Referring expression grounding data:

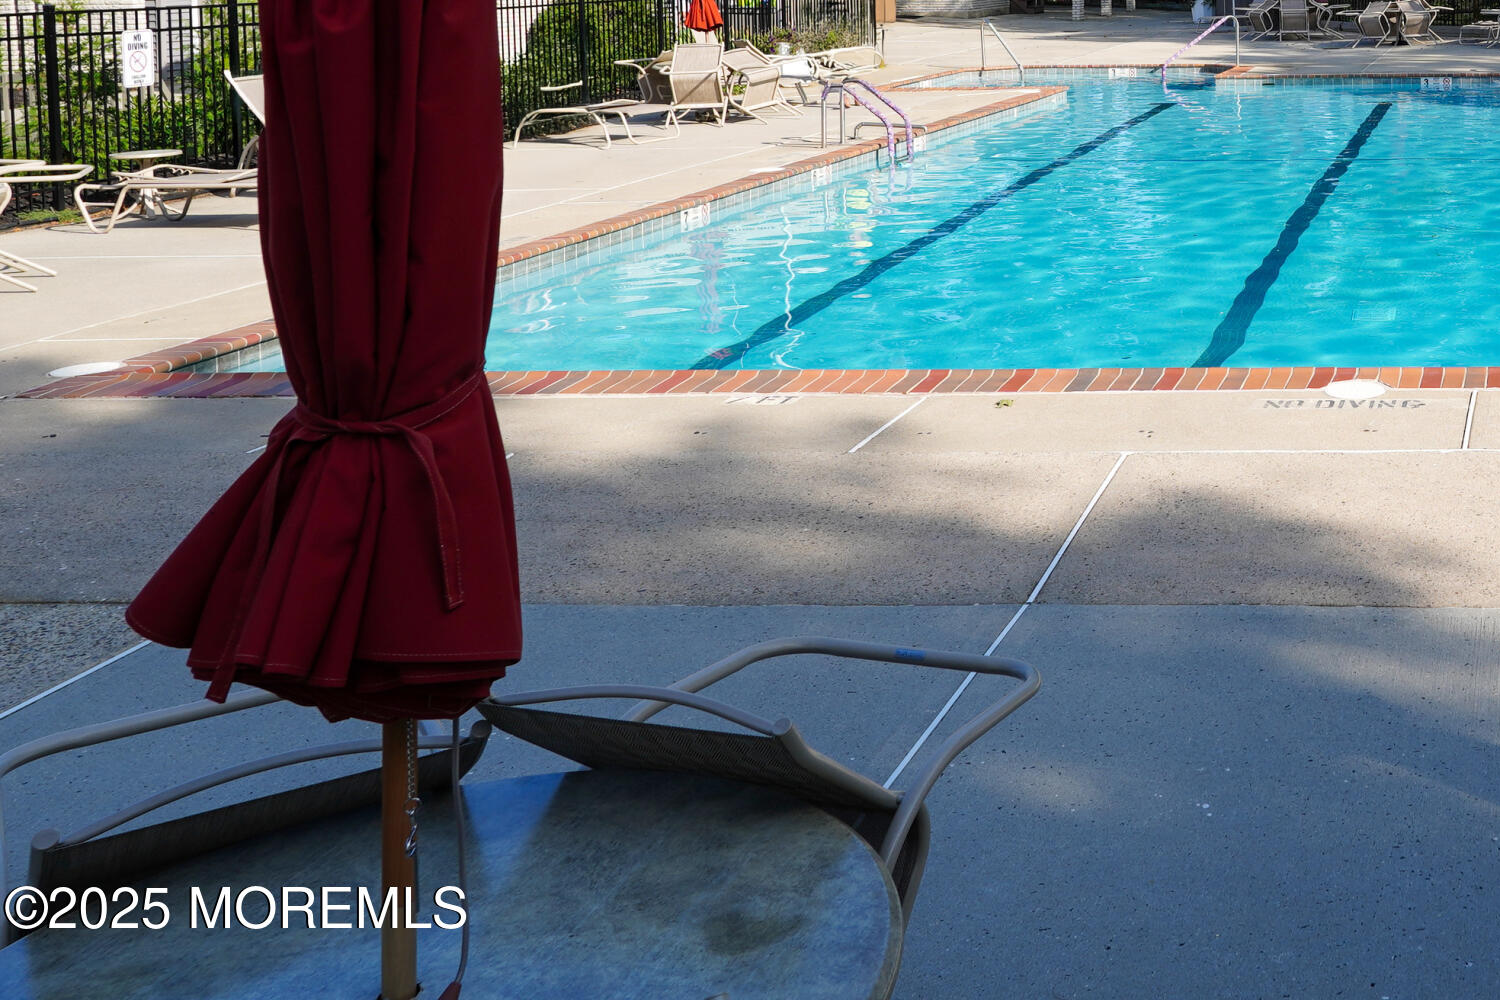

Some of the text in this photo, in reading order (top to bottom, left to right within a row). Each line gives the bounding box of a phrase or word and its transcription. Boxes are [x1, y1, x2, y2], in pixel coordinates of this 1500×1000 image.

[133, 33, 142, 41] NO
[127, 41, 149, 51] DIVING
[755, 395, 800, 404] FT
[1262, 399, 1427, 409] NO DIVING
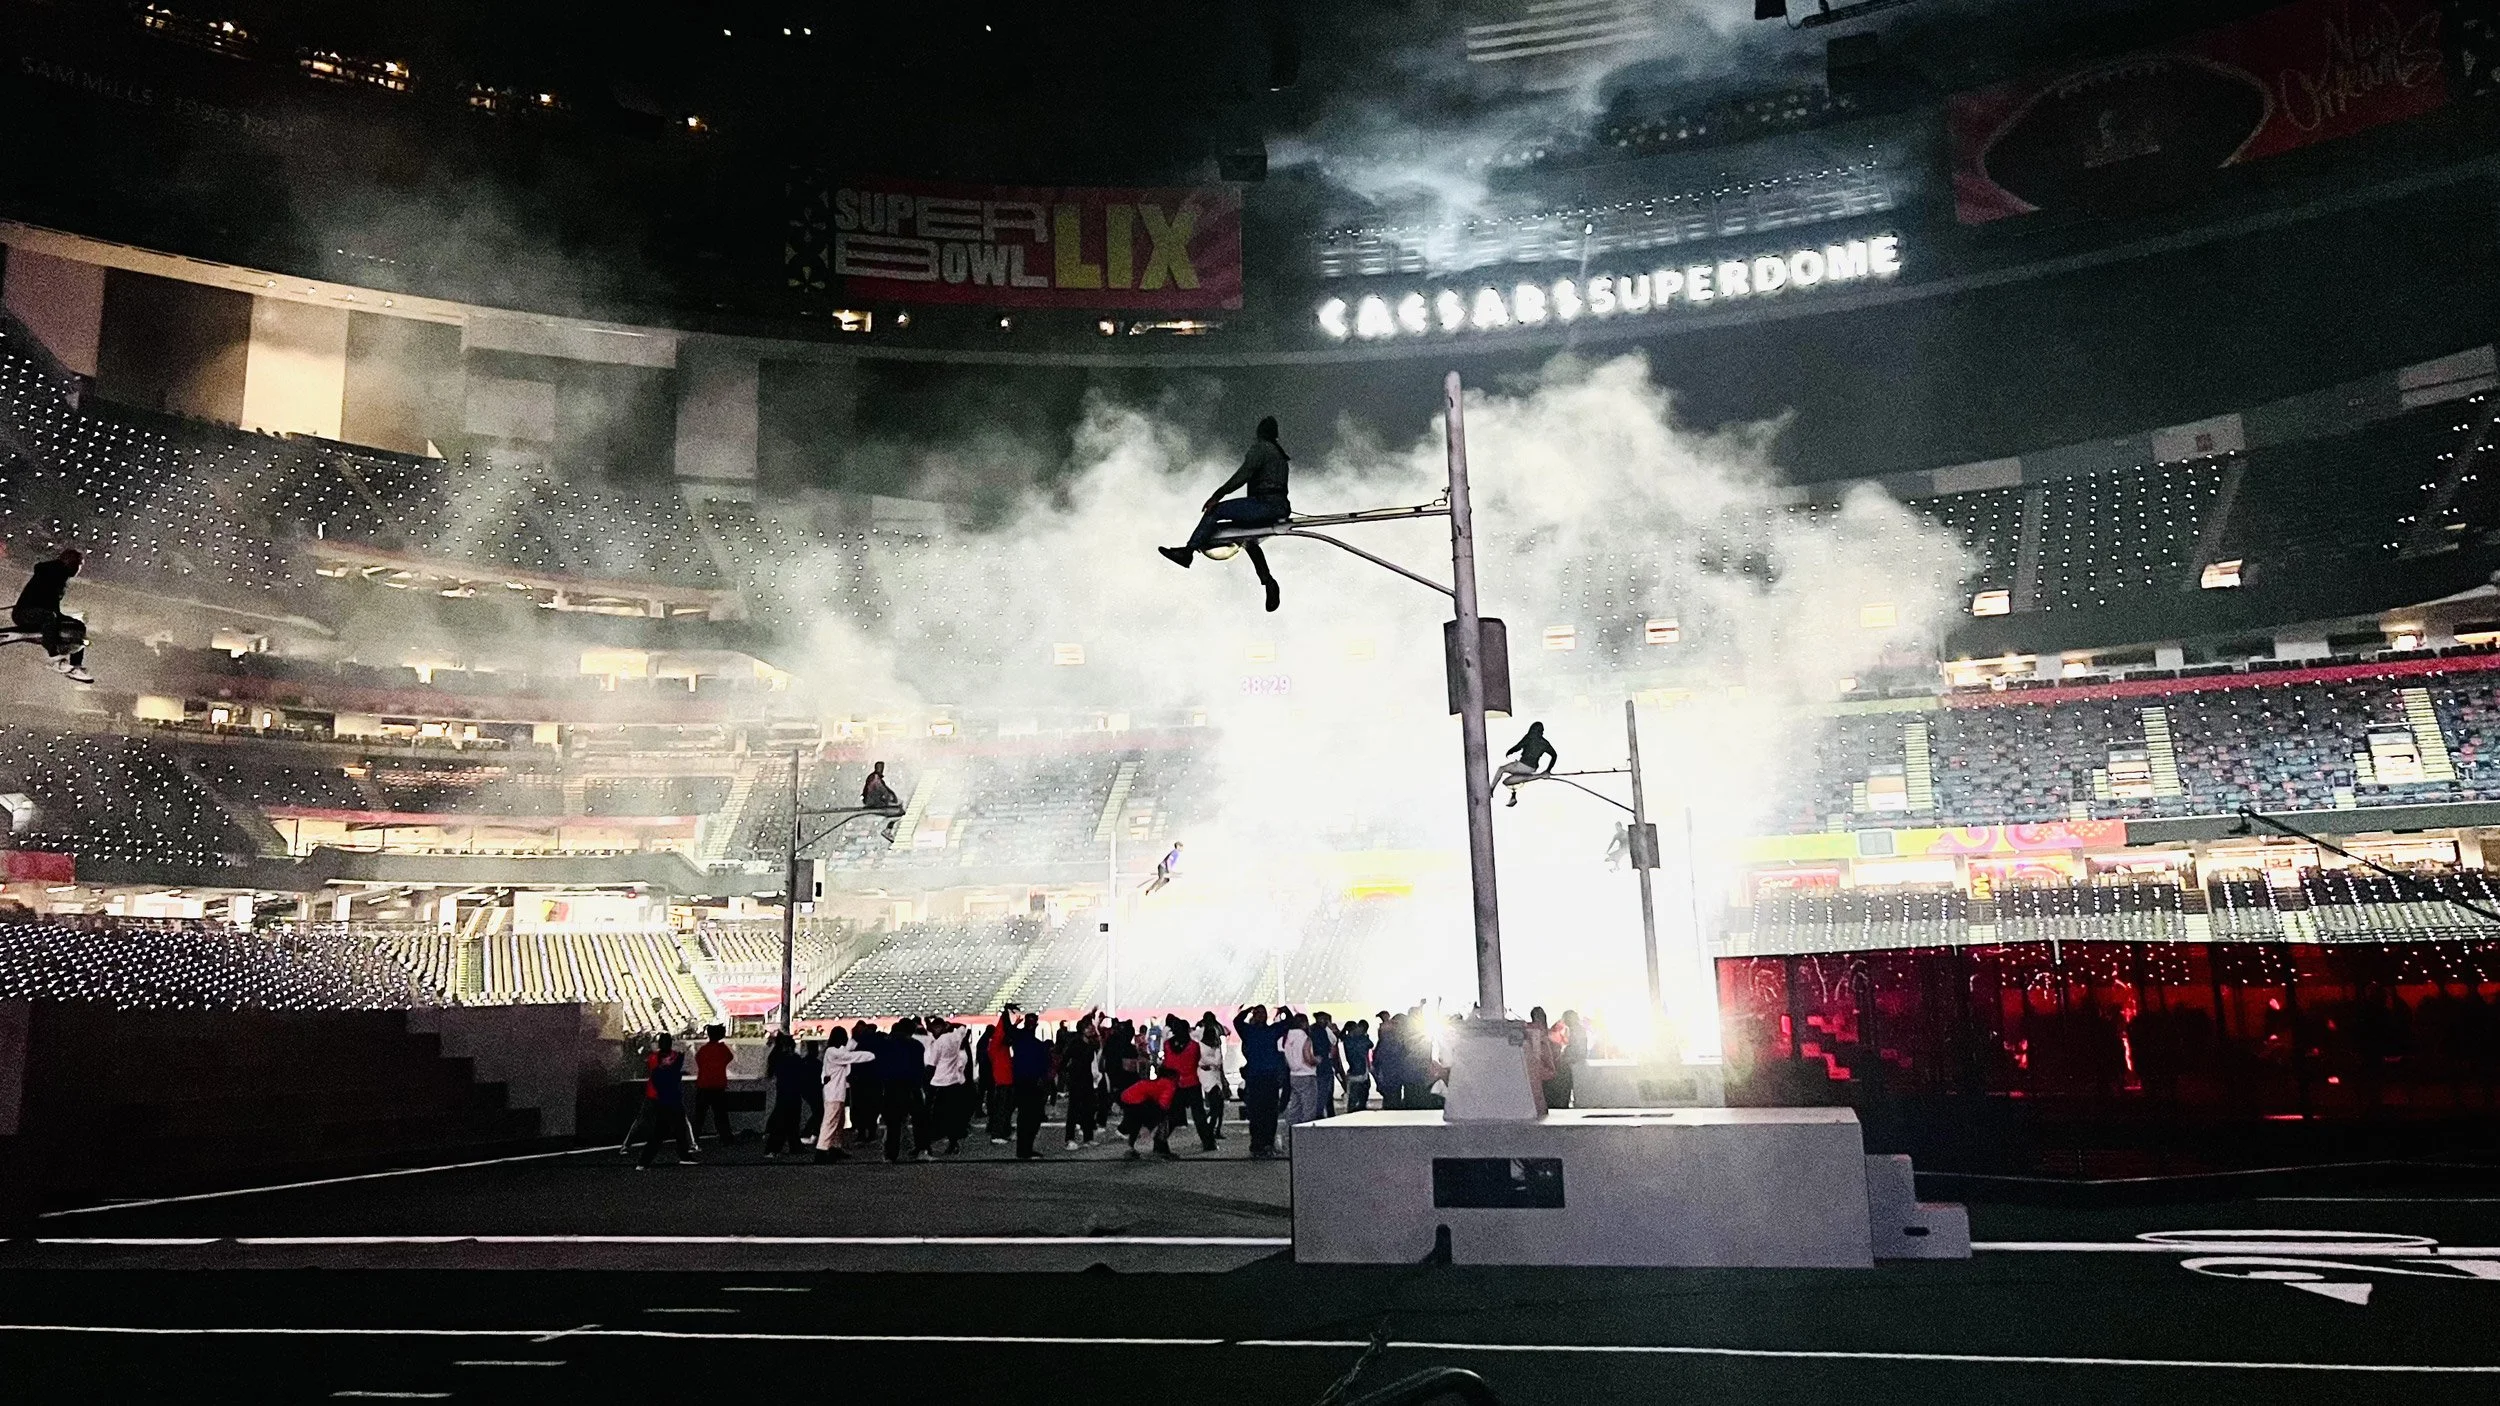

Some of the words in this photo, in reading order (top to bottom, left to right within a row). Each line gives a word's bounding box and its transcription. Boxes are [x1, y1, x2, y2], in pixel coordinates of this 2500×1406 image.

(Your assignment): Nothing but the records above, exact and without pictures, should appear in the answer.

(Answer to this task):
Some of the text in this photo, in reading order (top to bottom, left to right within a row). Each line gives the bounding box of a phrase or word and its transcription. Boxes are [x1, y1, x2, y2], in pixel coordinates of this 1500×1000 image.

[133, 33, 142, 41] NO
[127, 41, 149, 51] DIVING
[755, 395, 800, 404] FT
[1262, 399, 1427, 409] NO DIVING

Some of the words in this photo, in reading order (top to bottom, left to right within a row). Each line gives a word's bounding box and its transcription. Boxes are [x1, y1, x2, y2], in pixel coordinates of this 2500×1406 image.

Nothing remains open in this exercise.